* To do *
A verbatim copy of each record is required.
↓
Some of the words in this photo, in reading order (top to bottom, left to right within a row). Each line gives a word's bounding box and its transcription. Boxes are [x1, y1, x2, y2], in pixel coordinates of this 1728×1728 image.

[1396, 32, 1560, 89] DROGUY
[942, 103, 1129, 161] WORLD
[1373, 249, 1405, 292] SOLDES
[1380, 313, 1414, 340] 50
↑
* Expected output *
Some of the words in this photo, in reading order (top to bottom, left to right within a row). Each line gives a word's bounding box and its transcription. Boxes are [x1, y1, x2, y2], in pixel coordinates of this 1728×1728 image.

[1396, 32, 1560, 89] DROGUY
[942, 103, 1129, 161] WORLD
[1373, 249, 1405, 292] SOLDES
[1380, 313, 1414, 340] 50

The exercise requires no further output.